_Stored records:_
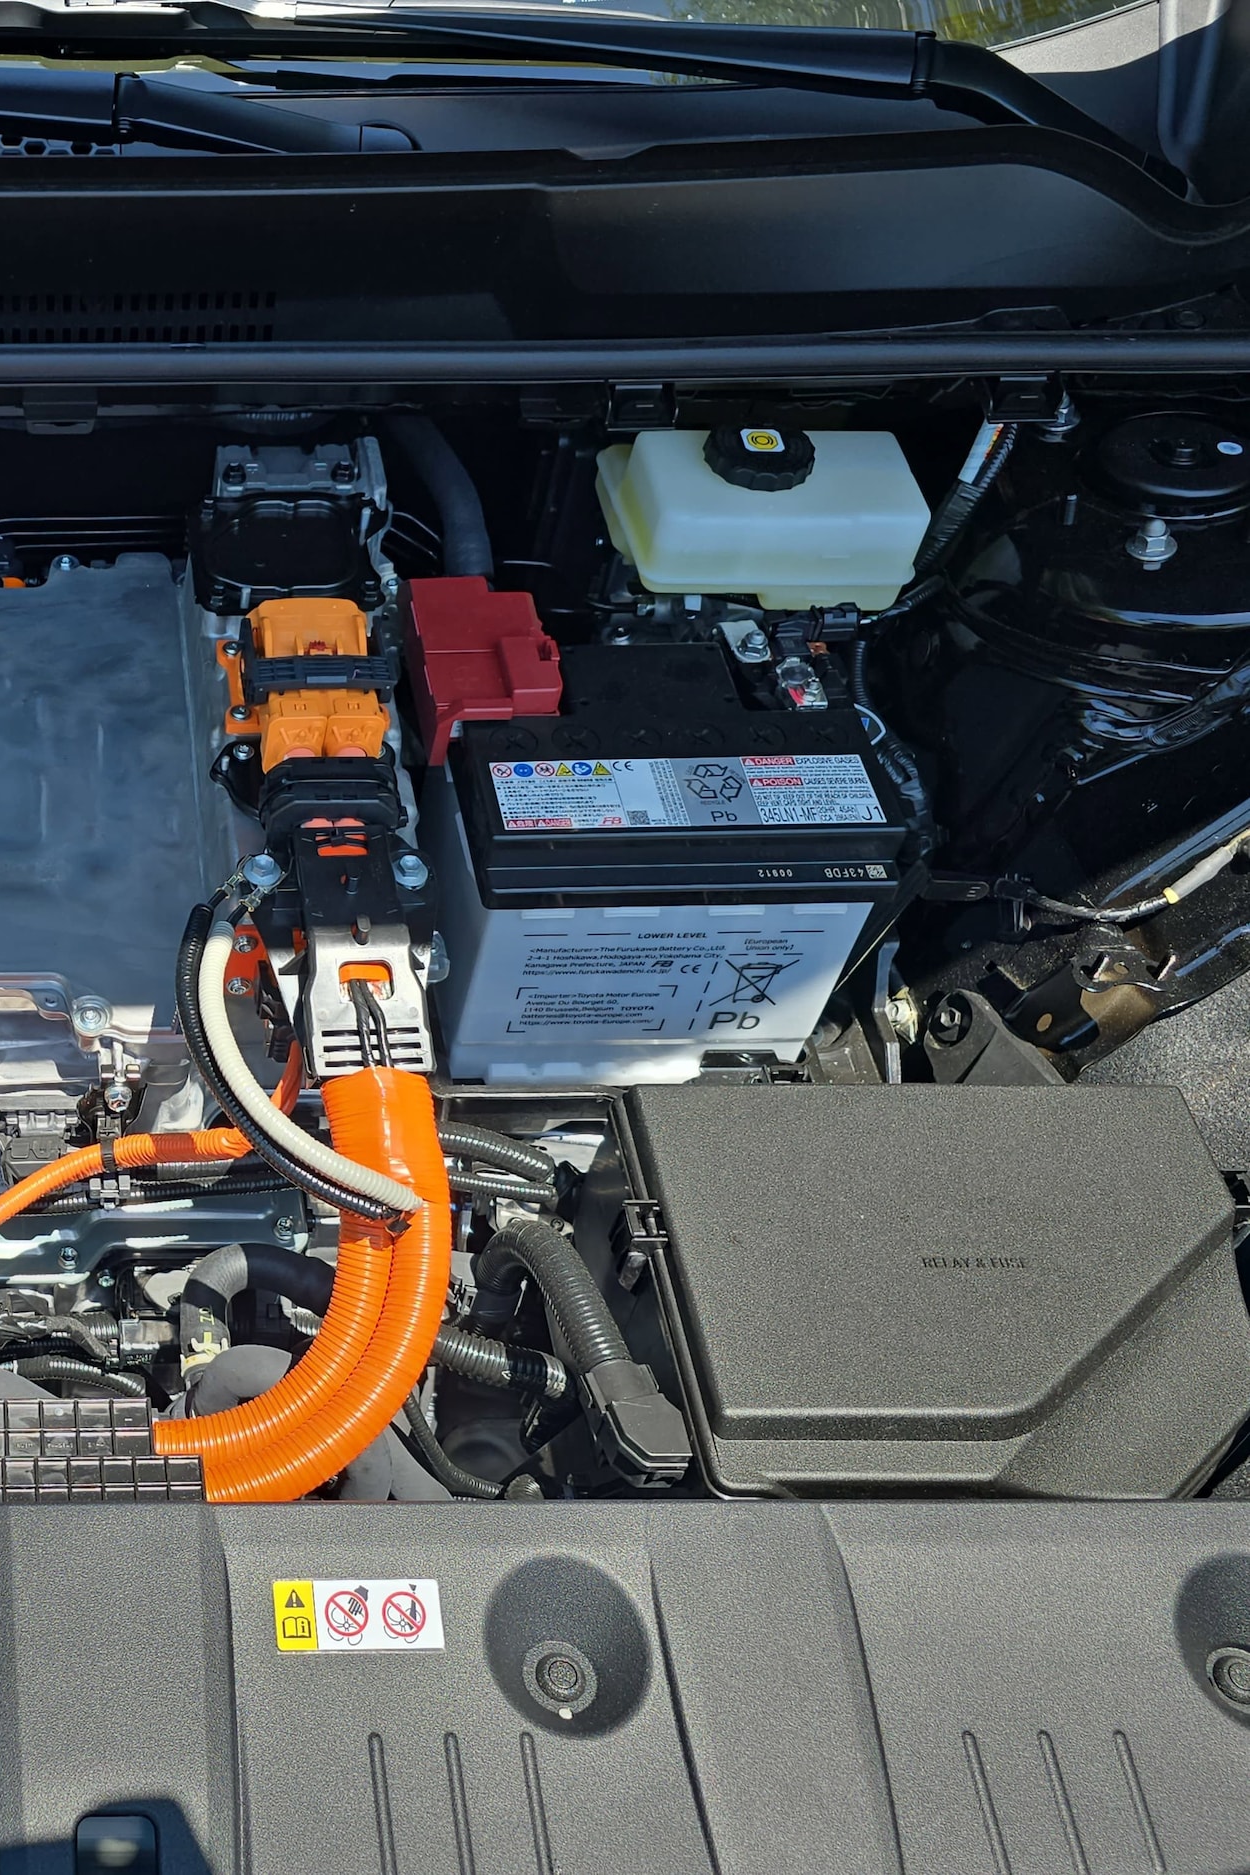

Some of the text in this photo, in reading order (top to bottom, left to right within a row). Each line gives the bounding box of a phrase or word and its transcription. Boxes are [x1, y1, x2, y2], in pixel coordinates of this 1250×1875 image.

[612, 760, 634, 772] CE
[754, 756, 860, 765] DANGER EXPLOSIVE GASES
[762, 777, 869, 786] POISON CAUSES SEVERE BURNS
[711, 810, 738, 822] Pb
[760, 807, 817, 823] 345LN1-MF
[680, 964, 701, 974] CE
[631, 991, 660, 999] Europe
[707, 1011, 760, 1030] Pb
[975, 1257, 987, 1268] &
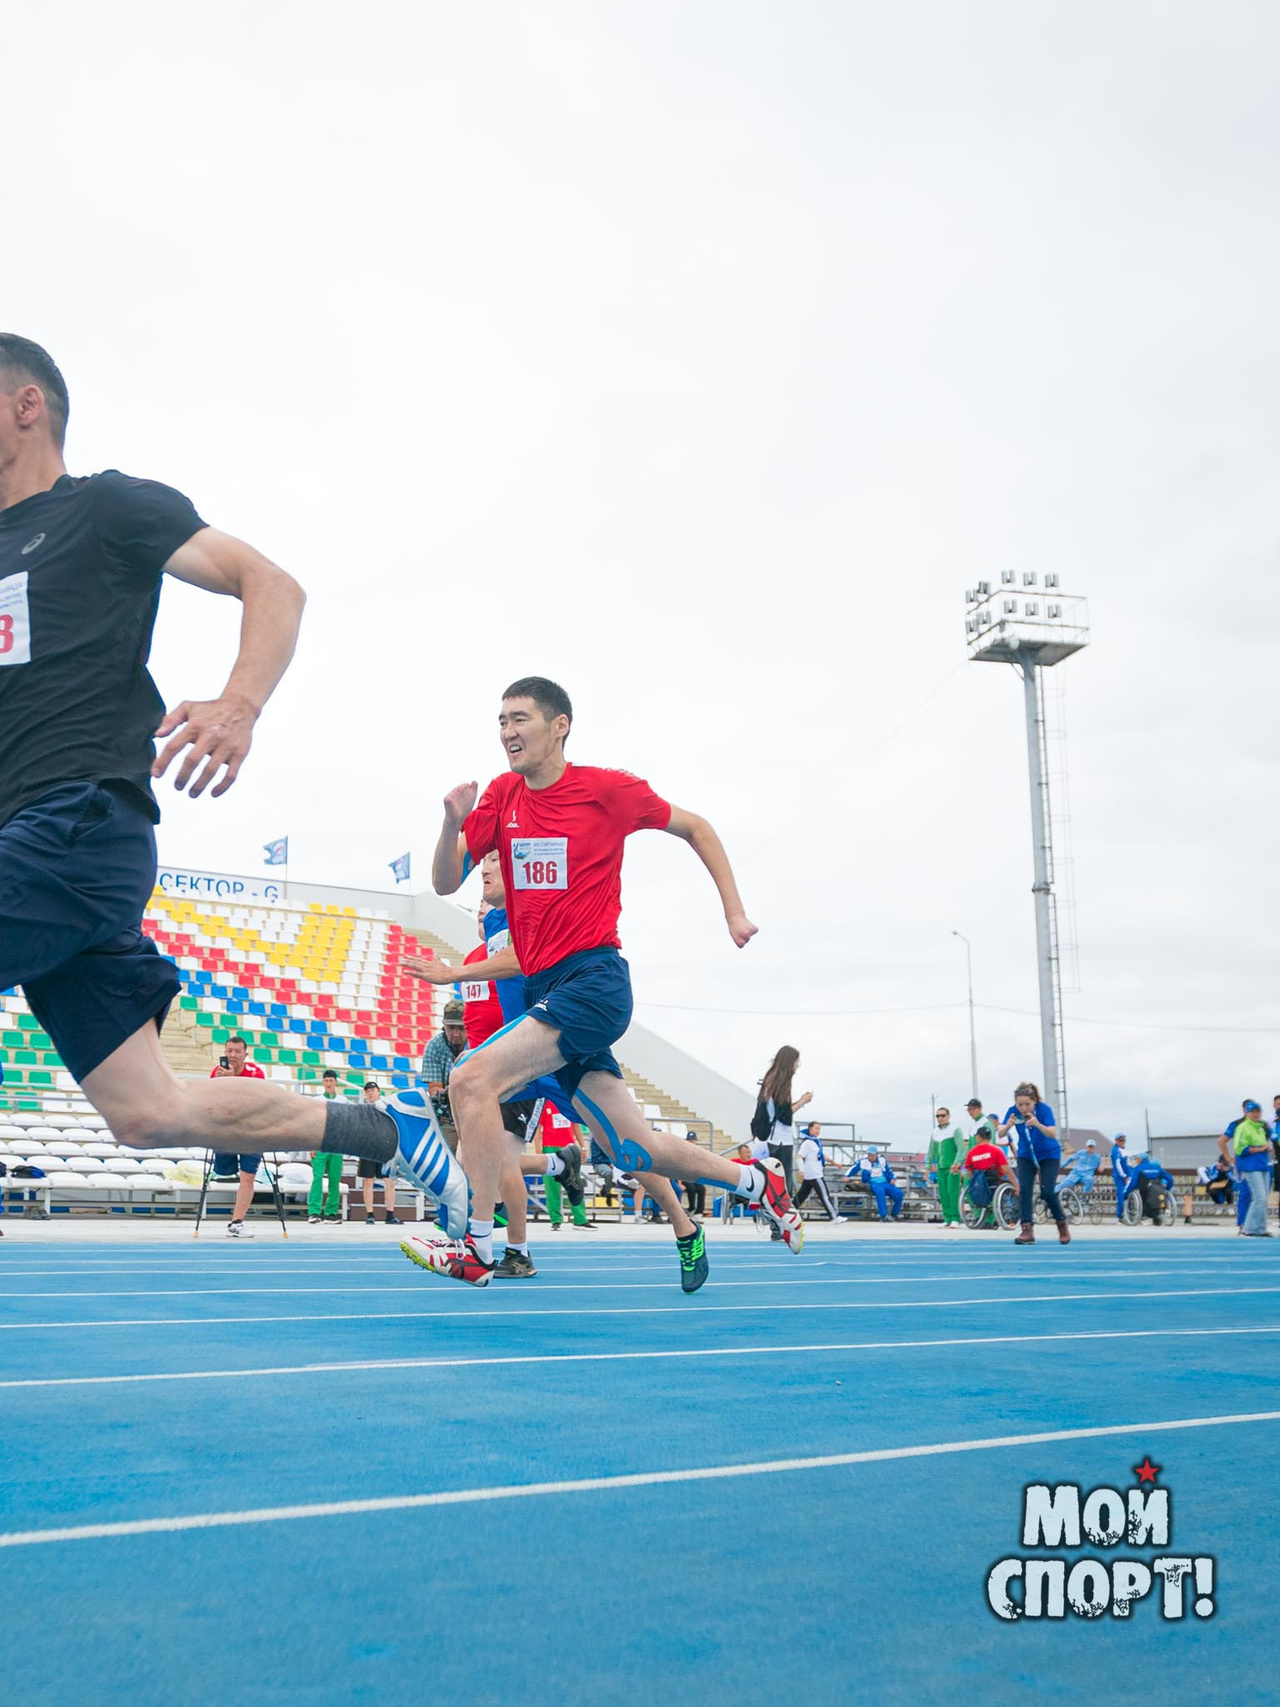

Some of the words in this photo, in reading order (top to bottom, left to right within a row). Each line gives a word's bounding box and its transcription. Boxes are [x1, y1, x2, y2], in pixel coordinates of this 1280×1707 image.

[159, 872, 245, 897] СЕКТОР
[522, 861, 558, 885] 186
[466, 984, 481, 999] 147

_TASK DIRECTIONS:_ The line containing "Some of the words" and all lines after it, to the end of the records, are to be output exactly and alone.

_WRITTEN ANSWER:_
Some of the words in this photo, in reading order (top to bottom, left to right within a row). Each line gives a word's bounding box and its transcription. Boxes are [x1, y1, x2, y2], in pixel coordinates of this 1280×1707 image.

[159, 872, 245, 897] СЕКТОР
[522, 861, 558, 885] 186
[466, 984, 481, 999] 147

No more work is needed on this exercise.